All of the listing should be transcribed exactly.

▽

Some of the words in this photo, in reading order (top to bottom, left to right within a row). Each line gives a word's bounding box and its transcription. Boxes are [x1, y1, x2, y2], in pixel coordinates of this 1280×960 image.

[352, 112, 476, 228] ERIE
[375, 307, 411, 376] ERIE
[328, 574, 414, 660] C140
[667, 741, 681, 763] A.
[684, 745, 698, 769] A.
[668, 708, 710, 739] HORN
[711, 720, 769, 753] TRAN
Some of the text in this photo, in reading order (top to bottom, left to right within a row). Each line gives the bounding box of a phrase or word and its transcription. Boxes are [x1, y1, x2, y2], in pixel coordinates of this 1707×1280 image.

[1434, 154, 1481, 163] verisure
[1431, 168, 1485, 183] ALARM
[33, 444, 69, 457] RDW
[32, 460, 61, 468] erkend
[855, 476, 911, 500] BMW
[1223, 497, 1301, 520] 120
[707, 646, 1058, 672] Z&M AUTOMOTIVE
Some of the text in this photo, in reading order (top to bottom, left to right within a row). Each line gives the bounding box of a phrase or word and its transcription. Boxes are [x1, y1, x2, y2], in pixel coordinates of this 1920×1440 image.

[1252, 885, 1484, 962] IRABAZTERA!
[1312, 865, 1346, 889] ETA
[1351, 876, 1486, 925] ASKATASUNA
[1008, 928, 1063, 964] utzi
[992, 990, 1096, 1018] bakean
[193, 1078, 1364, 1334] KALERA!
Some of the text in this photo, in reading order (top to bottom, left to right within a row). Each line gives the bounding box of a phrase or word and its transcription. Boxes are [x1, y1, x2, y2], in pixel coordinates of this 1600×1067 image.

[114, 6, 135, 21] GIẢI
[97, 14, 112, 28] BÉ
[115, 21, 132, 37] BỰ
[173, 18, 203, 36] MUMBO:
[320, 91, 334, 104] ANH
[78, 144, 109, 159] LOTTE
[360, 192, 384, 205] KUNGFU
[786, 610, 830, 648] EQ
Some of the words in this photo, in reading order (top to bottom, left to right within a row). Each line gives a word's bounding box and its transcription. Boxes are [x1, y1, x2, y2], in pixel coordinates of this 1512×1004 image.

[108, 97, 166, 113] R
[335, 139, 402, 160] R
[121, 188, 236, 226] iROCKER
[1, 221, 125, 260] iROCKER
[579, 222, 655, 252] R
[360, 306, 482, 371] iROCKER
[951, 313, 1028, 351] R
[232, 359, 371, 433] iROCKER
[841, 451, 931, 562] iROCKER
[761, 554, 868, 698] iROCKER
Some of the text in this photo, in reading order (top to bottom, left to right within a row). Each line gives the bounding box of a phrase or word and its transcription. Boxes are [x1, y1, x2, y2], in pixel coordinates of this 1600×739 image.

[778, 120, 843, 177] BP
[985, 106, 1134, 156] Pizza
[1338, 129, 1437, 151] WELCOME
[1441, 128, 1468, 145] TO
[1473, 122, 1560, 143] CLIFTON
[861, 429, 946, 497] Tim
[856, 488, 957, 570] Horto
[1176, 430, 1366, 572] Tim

△

Response to this task |
Some of the words in this photo, in reading order (top to bottom, left to right within a row). Each line gives a word's bounding box and its transcription. Boxes are [x1, y1, x2, y2], in pixel coordinates of this 1280×960 image.

[352, 112, 476, 228] ERIE
[375, 307, 411, 376] ERIE
[328, 574, 414, 660] C140
[667, 741, 681, 763] A.
[684, 745, 698, 769] A.
[668, 708, 710, 739] HORN
[711, 720, 769, 753] TRAN
Some of the text in this photo, in reading order (top to bottom, left to right within a row). Each line gives the bounding box of a phrase or word and its transcription. Boxes are [x1, y1, x2, y2], in pixel coordinates of this 1707×1280 image.

[1434, 154, 1481, 163] verisure
[1431, 168, 1485, 183] ALARM
[33, 444, 69, 457] RDW
[32, 460, 61, 468] erkend
[855, 476, 911, 500] BMW
[1223, 497, 1301, 520] 120
[707, 646, 1058, 672] Z&M AUTOMOTIVE
Some of the text in this photo, in reading order (top to bottom, left to right within a row). Each line gives the bounding box of a phrase or word and its transcription. Boxes are [x1, y1, x2, y2], in pixel coordinates of this 1920×1440 image.

[1252, 885, 1484, 962] IRABAZTERA!
[1312, 865, 1346, 889] ETA
[1351, 876, 1486, 925] ASKATASUNA
[1008, 928, 1063, 964] utzi
[992, 990, 1096, 1018] bakean
[193, 1078, 1364, 1334] KALERA!
Some of the text in this photo, in reading order (top to bottom, left to right within a row). Each line gives the bounding box of a phrase or word and its transcription. Boxes are [x1, y1, x2, y2], in pixel coordinates of this 1600×1067 image.

[114, 6, 135, 21] GIẢI
[97, 14, 112, 28] BÉ
[115, 21, 132, 37] BỰ
[173, 18, 203, 36] MUMBO:
[320, 91, 334, 104] ANH
[78, 144, 109, 159] LOTTE
[360, 192, 384, 205] KUNGFU
[786, 610, 830, 648] EQ
Some of the words in this photo, in reading order (top to bottom, left to right within a row). Each line gives a word's bounding box and its transcription. Boxes are [x1, y1, x2, y2], in pixel coordinates of this 1512×1004 image.

[108, 97, 166, 113] R
[335, 139, 402, 160] R
[121, 188, 236, 226] iROCKER
[1, 221, 125, 260] iROCKER
[579, 222, 655, 252] R
[360, 306, 482, 371] iROCKER
[951, 313, 1028, 351] R
[232, 359, 371, 433] iROCKER
[841, 451, 931, 562] iROCKER
[761, 554, 868, 698] iROCKER
Some of the text in this photo, in reading order (top to bottom, left to right within a row). Each line gives the bounding box of a phrase or word and its transcription. Boxes are [x1, y1, x2, y2], in pixel coordinates of this 1600×739 image.

[778, 120, 843, 177] BP
[985, 106, 1134, 156] Pizza
[1338, 129, 1437, 151] WELCOME
[1441, 128, 1468, 145] TO
[1473, 122, 1560, 143] CLIFTON
[861, 429, 946, 497] Tim
[856, 488, 957, 570] Horto
[1176, 430, 1366, 572] Tim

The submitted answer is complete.